03/09/2012 01:34 pm ET Updated May 09, 2012

Ford's Alan Mulally: The Right Stuff After All?

In an era when executive pay is under heavy scrutiny, and the 99 percent are pitted against the 1 percent, Ford Motor Co. CEO Alan Mulally is in the spotlight for receiving $58.4 million in company stock as part of a 2009 long-term incentive pay package, the automaker disclosed this week.

United Auto Workers members and leadership who criticized Mulally's pay package last year for excess may not agree, but the CEO who arrived at Ford in 2006 seems utterly worth it. And that's not something you can say about a lot of CEOs.

"Our compensation philosophy is to align the interests of our leadership with those of our shareholders," Ford spokesman Jay Cooney said. "To do this, we put the vast majority of their compensation at risk through performance-based grants. Ford's stock was $1.96 a share at the time of the 2009 awards and is $12 a share today. That is more than a 500 percent increase, and this benefits all stakeholders in the Ford turnaround."

Why is Mulally worth it? Because CEOs who distinguish themselves are those who achieve profit performance and shareholder value and who demonstrate that they have the leadership qualities to make the right decisions that will safeguard the livelihoods of employees.

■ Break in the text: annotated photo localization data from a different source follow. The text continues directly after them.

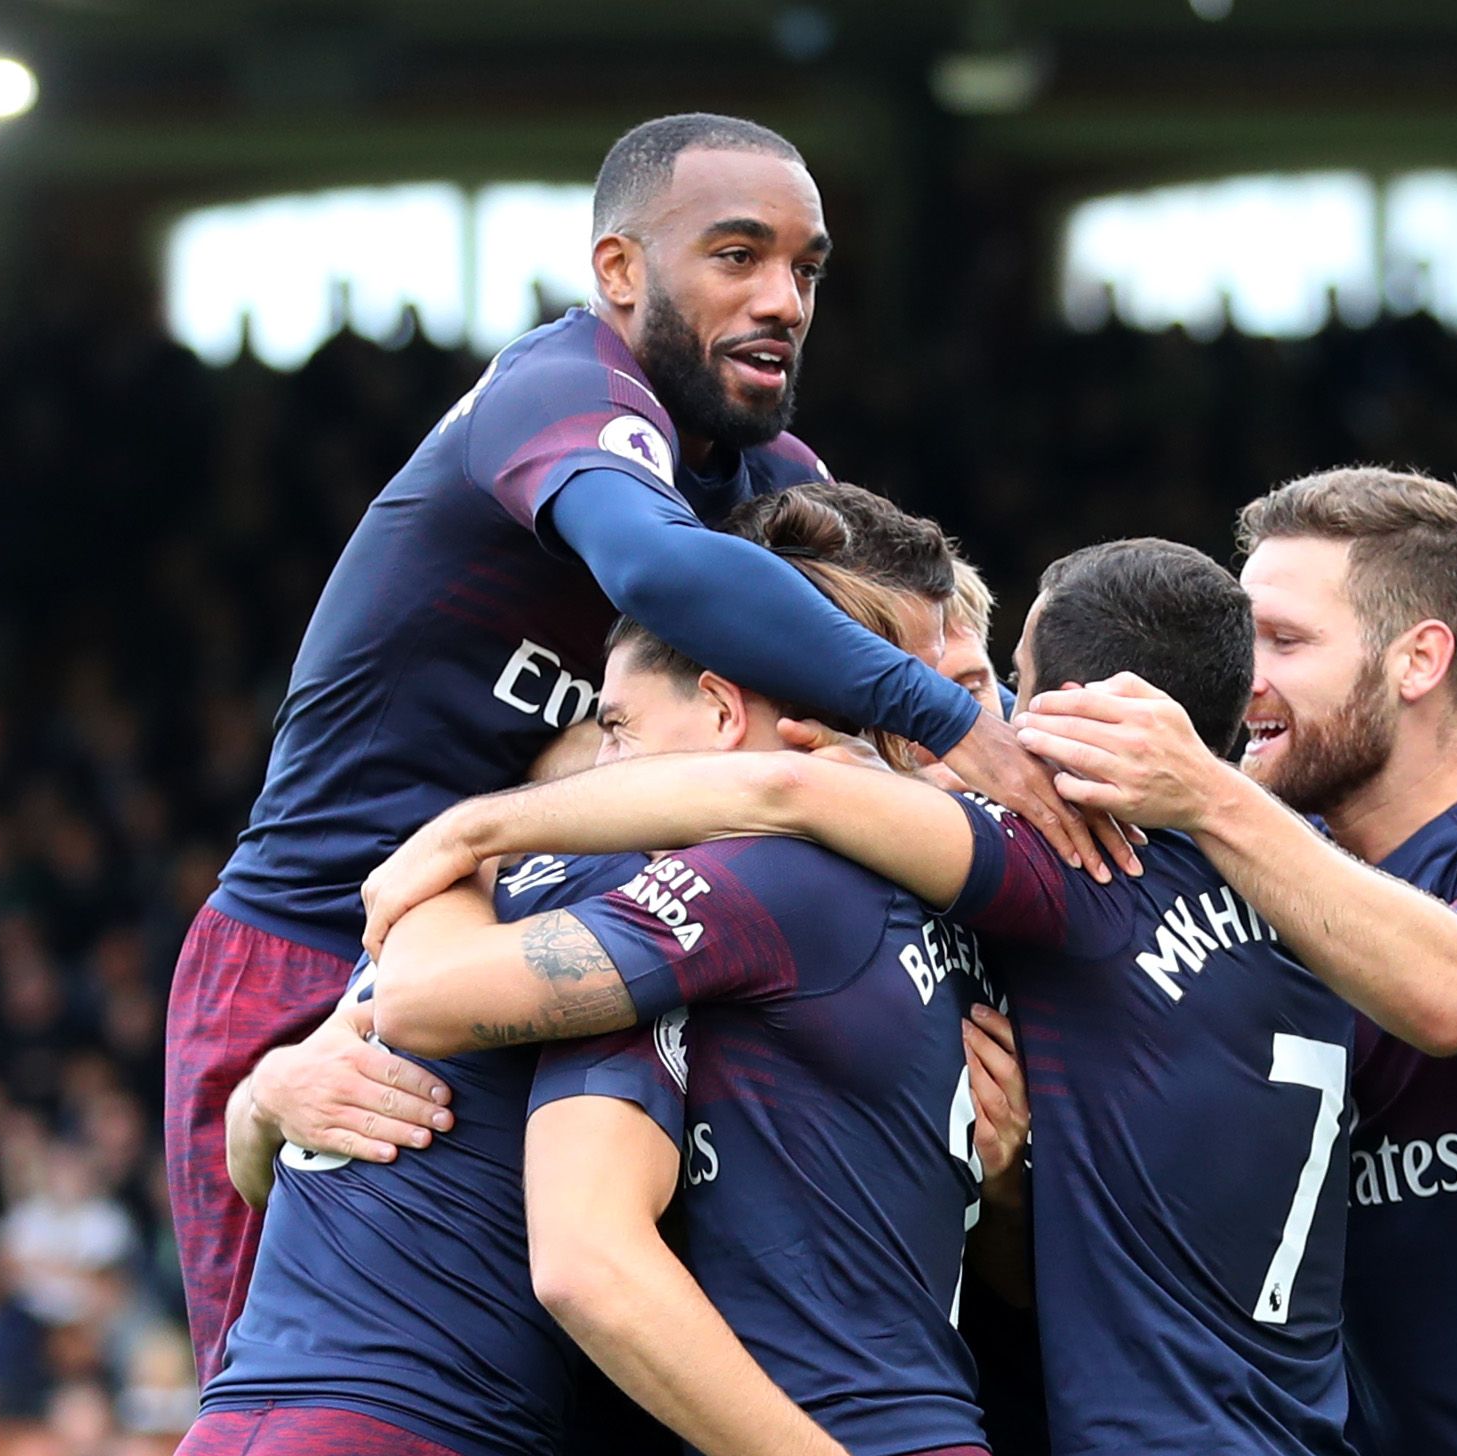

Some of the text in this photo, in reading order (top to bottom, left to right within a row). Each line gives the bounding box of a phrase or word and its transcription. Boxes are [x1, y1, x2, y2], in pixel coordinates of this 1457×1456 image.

[617, 873, 705, 952] ANDA
[1135, 885, 1278, 1002] MKHI
[1252, 1032, 1347, 1325] 7
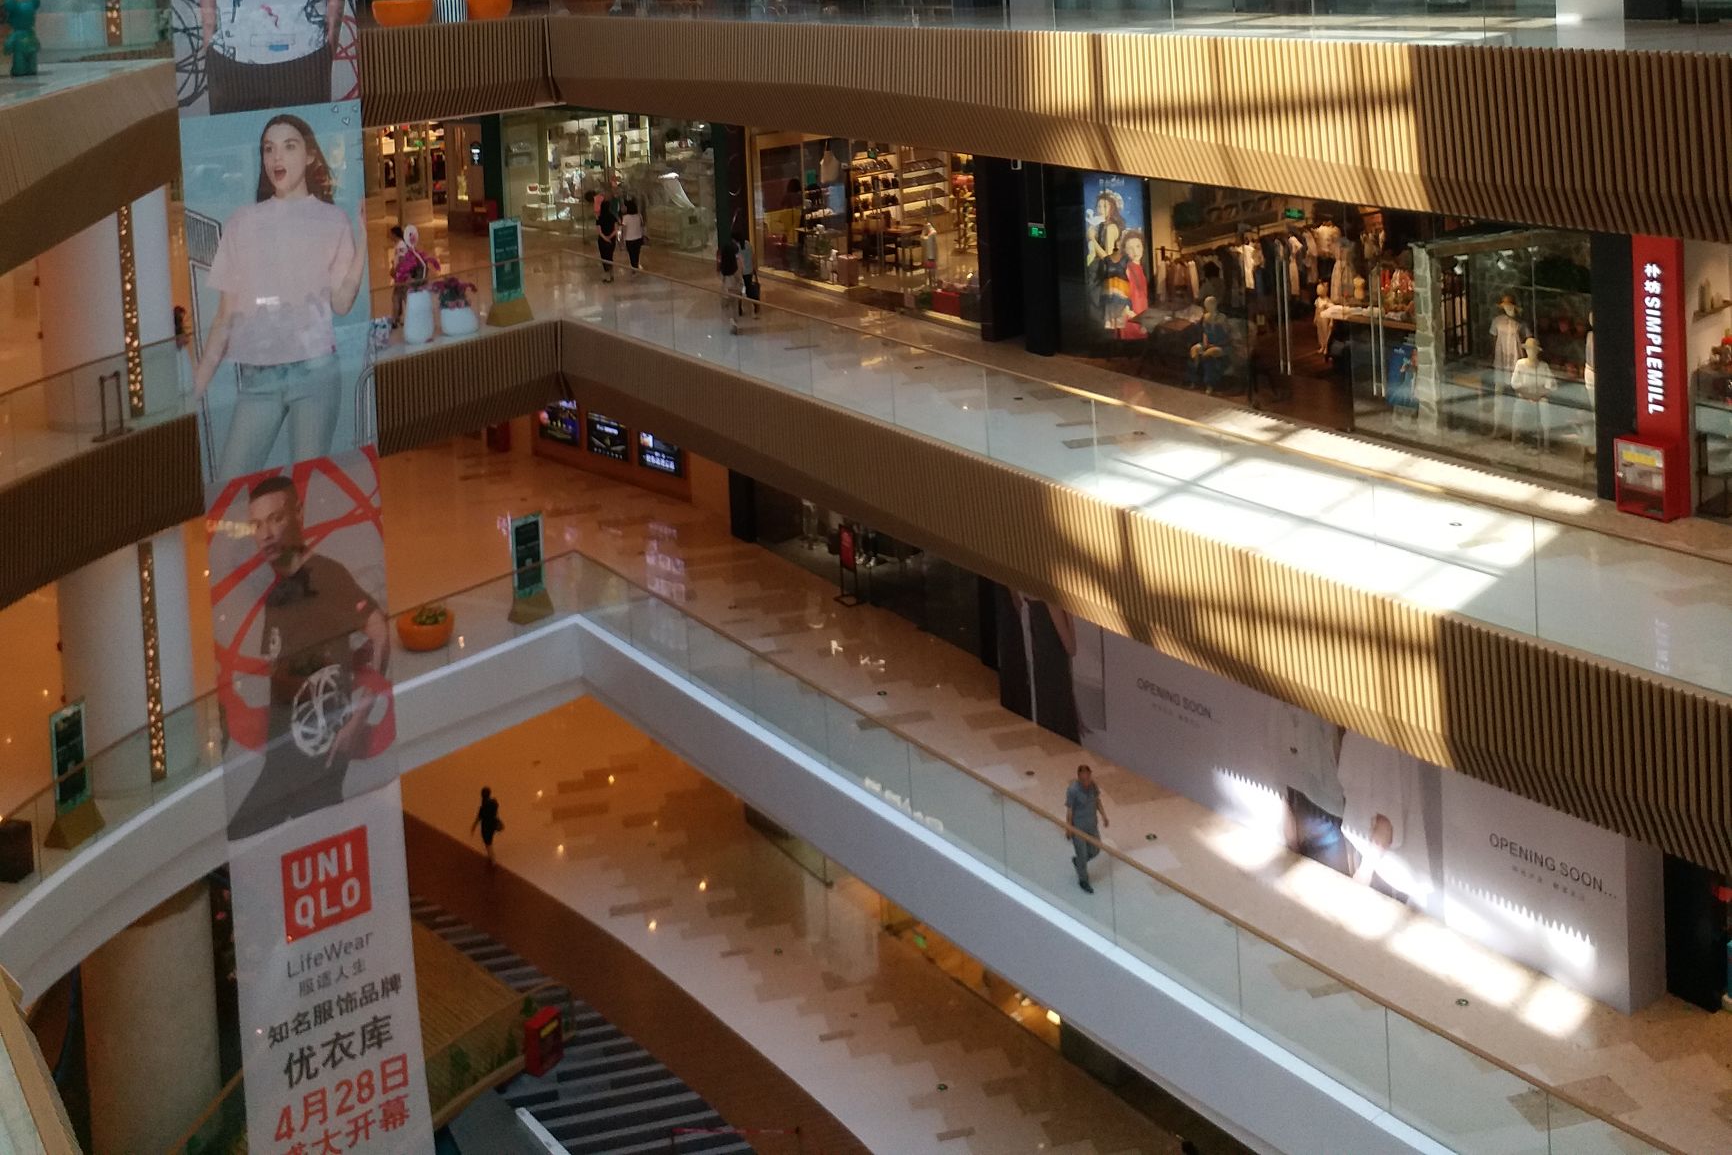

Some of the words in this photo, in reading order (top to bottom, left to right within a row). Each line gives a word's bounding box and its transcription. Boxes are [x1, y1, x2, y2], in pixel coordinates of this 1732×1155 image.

[1644, 296, 1665, 415] SIMPLEMILL
[291, 841, 354, 890] UNI
[1489, 832, 1556, 872] OPENING
[294, 876, 362, 929] QLO
[287, 932, 374, 979] LifeWear
[267, 972, 403, 1048] 知名服饰品牌
[283, 1013, 394, 1089] 优衣库
[274, 1052, 410, 1143] 4月28日

Ford's success is on completely solid ground. The company is making billions of dollars a year, after losing billions a year before Mulally arrived. Tens of thousands of jobs have been saved, and more are being created. Mulally steered Ford away from the need of a government-assisted bailout and bankruptcy in 2009. Shareholder value, while off the highs reached in 2010, is still well ahead of the near-ruinous lows reached in late 2008.

UAW President Bob King last year called Mulally's pay package "morally wrong." I take exception. What is morally wrong is when a company's board of directors pays a CEO tens of millions, or in some cases hundreds of millions of dollars for not succeeding. And that happens all the time. In 2009, the CEO of Chesapeake Energy, Aubrey McClendon, took home $112 million after a year in which the company's stock fell from $74 a share to $20.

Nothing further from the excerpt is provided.